Miami has a real chance of getting Jake Long signed as the No. 1 pick. Here's the problem with mock drafts: I had my top 13 done Sunday morning. I was pretty happy with it. (The way I look at it is after the top 10 or 12, predicting the draft is fruitless anyway, like picking the Trifecta at a dog track, so I concentrate on trying to be remotely competent at the top.) But after talking to two teams' final-deciders in a 20-minute span, I decided that everything I knew was blown to smithereens. If Jake Long signs with Miami, every one of the smart guys on the planet is screwed. This is the most fluid draft at the top since 2004, when the Manning-Rivers stuff was swirling. So before I give you my first-round picks, understand the following things that I know to be true this morning make this draft hard to predict: • St. Louis doesn't want Vernon Gholston; so if Long does go to Miami, Gholston could slide. • This one really surprises me, and at first I didn't think it was true, but New Orleans is serious about trading into the top four -- preferably for LSU defensive tackle Glenn Dorsey but not only for Dorsey.

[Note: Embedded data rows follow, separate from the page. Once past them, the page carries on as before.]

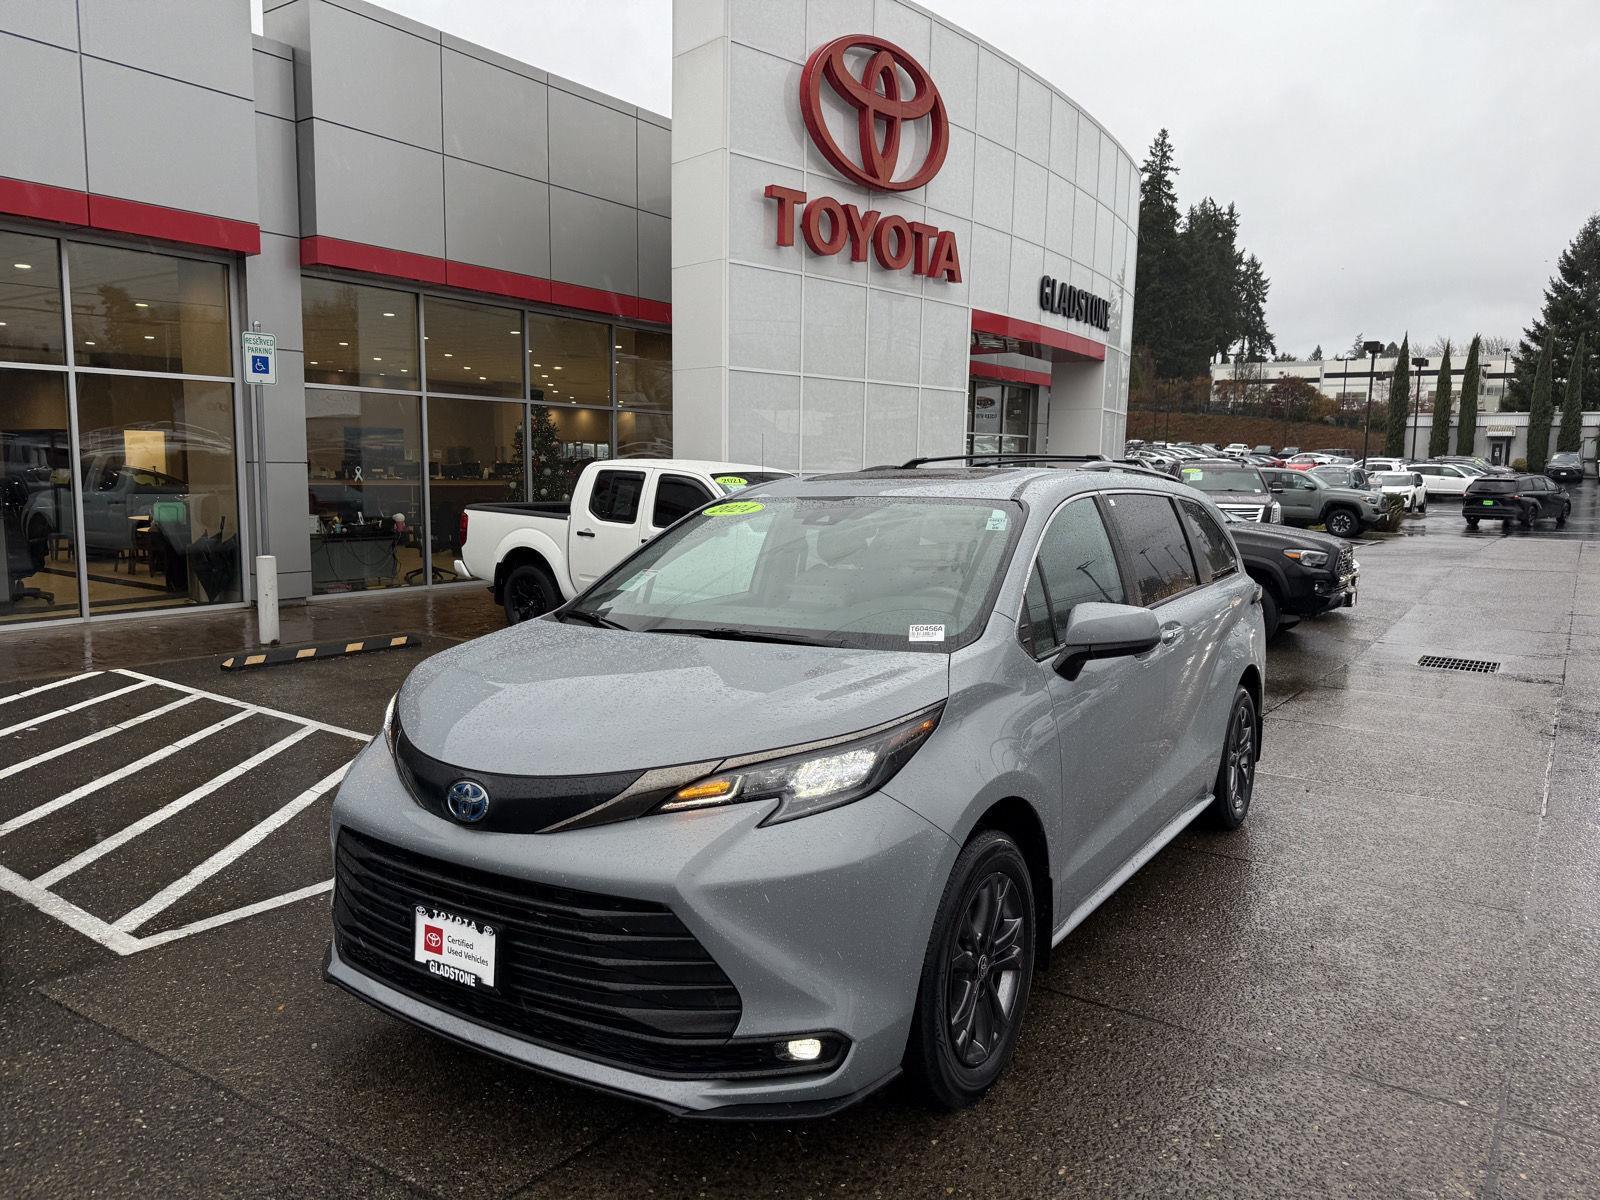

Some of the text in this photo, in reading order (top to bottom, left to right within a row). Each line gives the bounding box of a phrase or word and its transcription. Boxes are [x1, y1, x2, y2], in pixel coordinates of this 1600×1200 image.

[764, 184, 962, 283] TOYOTA
[1040, 275, 1111, 332] GLADSTONE
[245, 337, 274, 346] RESERVED
[247, 346, 273, 355] PARKING
[433, 909, 477, 931] TOYOTA
[447, 935, 474, 951] Certified
[447, 946, 489, 967] Used Vehicles
[429, 961, 476, 987] GLADSTONE

Wish I could tell you the other apple of their eye, but I don't know who he is. • I have been saying Dorsey to Atlanta for a month. I heard two things this weekend that are shifting me northward, to Matt Ryan. • The Jets love Matt Ryan. If I were Kellen Clemens, that would be a worrisome thing. GOOD READ LINK http://sportsillustrated.cnn.com/2008/writers/peter_king/04/20/mmqb/index.html
That is really a great read and Chris is still one of the 2 people I want us to get with the #1 pick. You've just got to love this kid. Quote: I think I love the perspective of Chris Long. Asked him the other day when he was on Sirius whether it would bother him if he sank like a stone in the first round of the draft and got a contract with, say, $10 million less in guarantees than he'd have gotten in one of the very top slots. "Twelve million, $25 million ... I can't spend that kind of money, whatever it is, in three lifetimes, never mind one," he said. "I just want to play football.''
As per King Mock 6. New York Jets. RB Darren McFadden, Arkansas. Think of the New York offense. Anything stand out? Nope. Laveranues Coles is a decent deep threat, but not the explosive playmaker you'd like. This team has spent $94 million guaranteed on five players this offseason (Calvin Pace, Kris Jenkins, Damien Woody, Alan Faneca, Kerry Rhodes), and Jenkins, Woody and Faneca are win-now signings. McFadden's a win-now pick. 7. New England. DE Vernon Gholston, Ohio State. I think the Patriots will sniff around a couple of guys this week, most notably Chris Long in the off-chance he makes it to No. 7, and I wouldn't be surprised to see them trade up to the Chiefs' pick if they think the Jets might be Gholston people. Remember how weak the Patriot rush was in the Super Bowl -- and fairly consistently weak at points late in the season? Richard Seymour's postseason: 12 quarters, zero quarterback pressures or sacks. New England has to address that. The one thing that would stun me is a cornerback. Bill Belichick, in Cleveland and in New England, has had 14 first-round picks, and only once did he take a cornerback -- Antonio Langham, the just-OK DB from Alabama in 1994, picked way too high at No. 9 overall. The Patriots plucked Asante Samuel in the fourth round. They're far more likely to help their front seven if they pick at No. 7, then take a cornerback down the line. Your thought?
If I were King, I wouldn't be so quick to say that the Patriots won't take a CB at the spot. After the horrible showing of their secondary in the SB, he's got to be cheesed and looking to upgrade that spot, especially because he's lost some good players.